_Task material_.

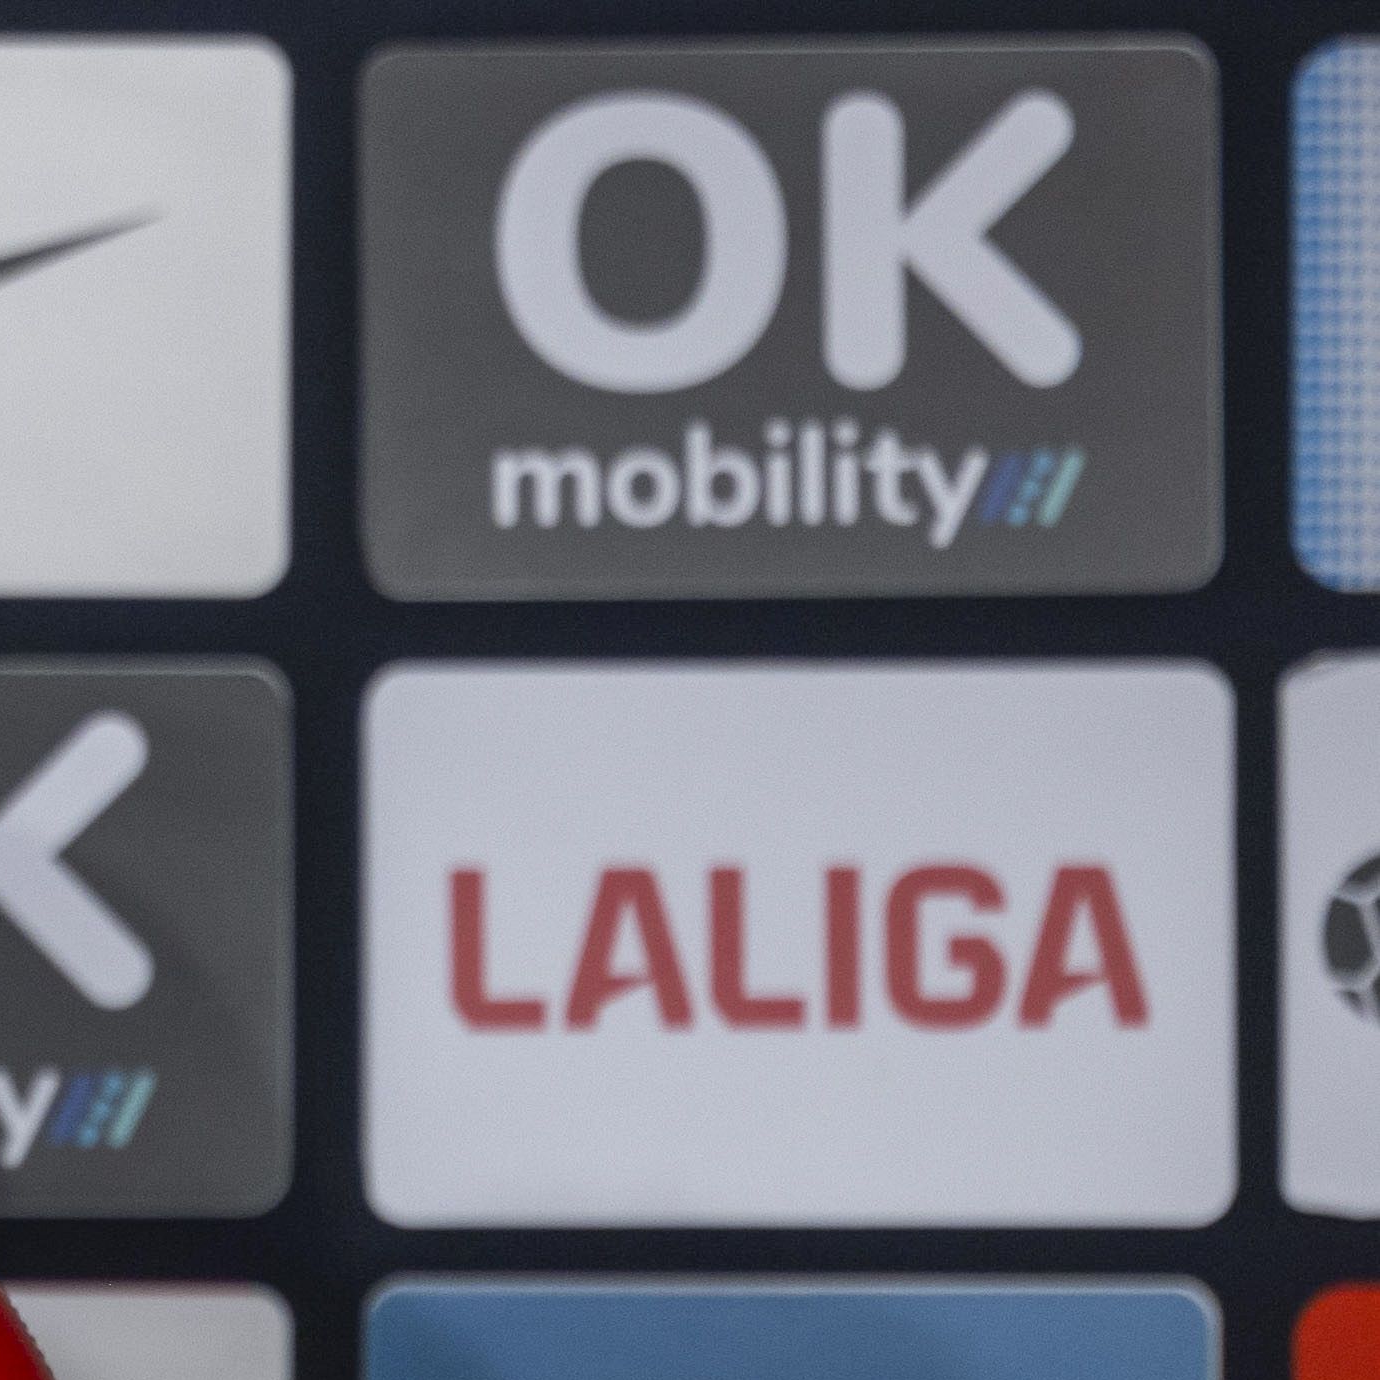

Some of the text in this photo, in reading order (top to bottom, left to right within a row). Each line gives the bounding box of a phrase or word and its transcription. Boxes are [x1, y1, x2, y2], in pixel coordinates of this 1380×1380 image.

[494, 90, 1084, 394] OK
[492, 420, 989, 550] mobility
[448, 861, 1151, 1033] LALIGA
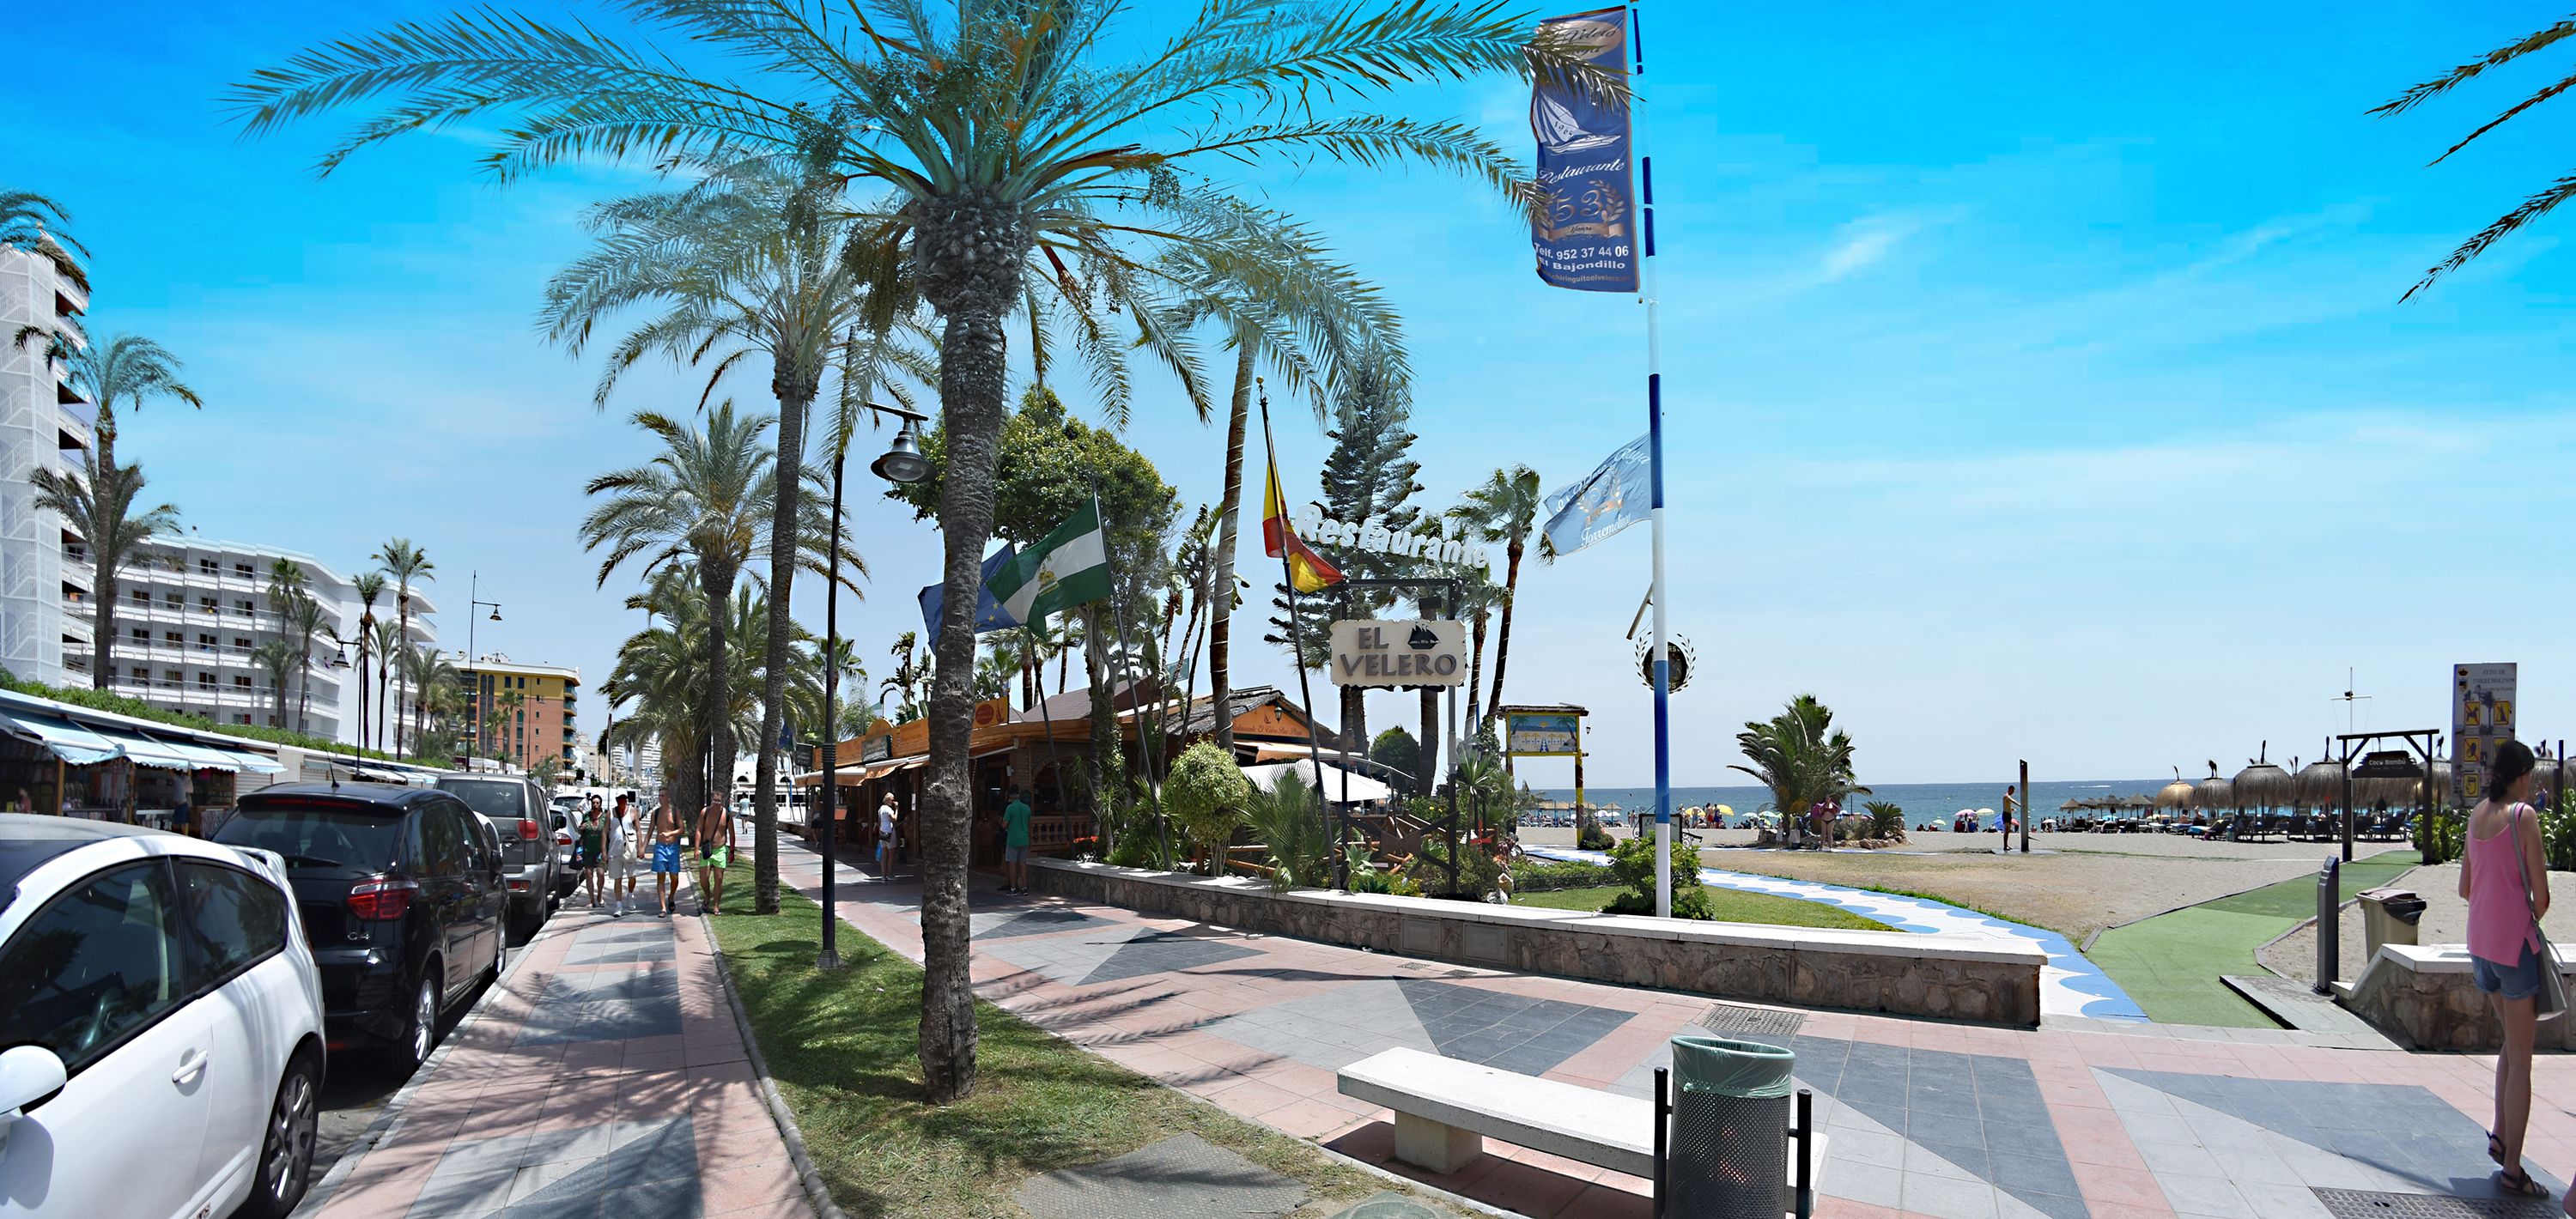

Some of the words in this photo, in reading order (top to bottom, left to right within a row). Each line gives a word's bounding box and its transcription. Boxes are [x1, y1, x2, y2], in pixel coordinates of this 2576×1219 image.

[1539, 158, 1625, 185] Restaurante
[1534, 242, 1553, 259] Telf.
[1556, 248, 1577, 260] 952
[1581, 246, 1595, 258] 37
[1598, 246, 1612, 257] 44
[1614, 245, 1629, 258] 06
[1552, 259, 1626, 272] Bajondillo
[1293, 503, 1492, 569] Restaurante
[1357, 626, 1389, 651] EL
[1340, 652, 1458, 677] VELERO

_What to do_.
Everything in the records above must be restated verbatim, save for the pictures.

_Output_.
Some of the text in this photo, in reading order (top to bottom, left to right within a row). Each line gives the bounding box of a phrase or word and its transcription. Boxes are [x1, y1, x2, y2], in pixel coordinates of this 1380×1380 image.

[494, 90, 1084, 394] OK
[492, 420, 989, 550] mobility
[448, 861, 1151, 1033] LALIGA

Some of the words in this photo, in reading order (top to bottom, left to right within a row). Each line gives a word's bounding box and its transcription. Boxes are [x1, y1, x2, y2], in pixel coordinates of this 2576×1219 image.

[1539, 158, 1625, 185] Restaurante
[1534, 242, 1553, 259] Telf.
[1556, 248, 1577, 260] 952
[1581, 246, 1595, 258] 37
[1598, 246, 1612, 257] 44
[1614, 245, 1629, 258] 06
[1552, 259, 1626, 272] Bajondillo
[1293, 503, 1492, 569] Restaurante
[1357, 626, 1389, 651] EL
[1340, 652, 1458, 677] VELERO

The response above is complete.